Bitcoin Asked on January 6, 2022
We know that, for security and anonymity, we shouldn’t reuse addresses. Also, there is the idea of change avoidance to protect ourselves from any number of change detection heuristics.
But I find that unspent change addresses (“UTXO’s”) are often unavoidable. Especially when using other privacy-enhancing techniques, such as equal-output CoinJoins, where you end up with many source addresses.
Is there a good technique to be able to spend these UTXO’s without compromising privacy?
Is there a good technique to be able to spend these UTXO's without compromising privacy?

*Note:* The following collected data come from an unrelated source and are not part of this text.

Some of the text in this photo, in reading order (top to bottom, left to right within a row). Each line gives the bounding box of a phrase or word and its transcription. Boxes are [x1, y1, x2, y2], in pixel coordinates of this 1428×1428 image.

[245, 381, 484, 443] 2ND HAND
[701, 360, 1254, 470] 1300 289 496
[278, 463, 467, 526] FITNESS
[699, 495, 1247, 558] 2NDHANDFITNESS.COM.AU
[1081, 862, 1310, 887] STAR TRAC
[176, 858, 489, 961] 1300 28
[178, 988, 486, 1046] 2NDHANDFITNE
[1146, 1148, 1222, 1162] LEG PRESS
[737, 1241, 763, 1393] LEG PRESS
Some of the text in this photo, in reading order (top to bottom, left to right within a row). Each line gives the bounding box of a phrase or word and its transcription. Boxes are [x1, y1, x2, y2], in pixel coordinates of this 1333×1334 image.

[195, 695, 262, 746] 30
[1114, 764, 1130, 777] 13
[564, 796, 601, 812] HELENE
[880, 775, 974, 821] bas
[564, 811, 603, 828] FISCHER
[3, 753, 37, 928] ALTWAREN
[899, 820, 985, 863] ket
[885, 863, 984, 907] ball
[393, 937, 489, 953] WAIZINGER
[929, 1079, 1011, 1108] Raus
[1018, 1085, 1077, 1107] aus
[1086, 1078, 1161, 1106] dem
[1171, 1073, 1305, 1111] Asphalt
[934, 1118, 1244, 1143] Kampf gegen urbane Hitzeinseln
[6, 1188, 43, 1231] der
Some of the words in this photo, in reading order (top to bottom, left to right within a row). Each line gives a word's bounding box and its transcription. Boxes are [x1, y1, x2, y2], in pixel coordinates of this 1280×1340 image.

Answered by Prayank on January 6, 2022
I don't see the problem, or what compromises privacy exactly?
Say you have UTXO A1 and B1 of 0.001, (I've never used Coinjoin so i'm just assuming here.)
Now you put both A1 and B1 through Coinjoin, Now you have A2 and B2.
How would combining the outputs of A2 and B2 compromise the privacy of outputs A1 and B1? You used CoinJoin to break exactly that chain right?
Put the balance of the change adresses all individually through coinjoin mixing sessions and then combine the outputs? That way the chain is broken, and due to them being linked only after the chain was broken, privacy isn't compromised?
If they're too low of an amount to be send to Coinjoin, i'm afraid it's just dust, and they should be frozen to prevent them from accidently being spent in the future when tx fees might be lower again.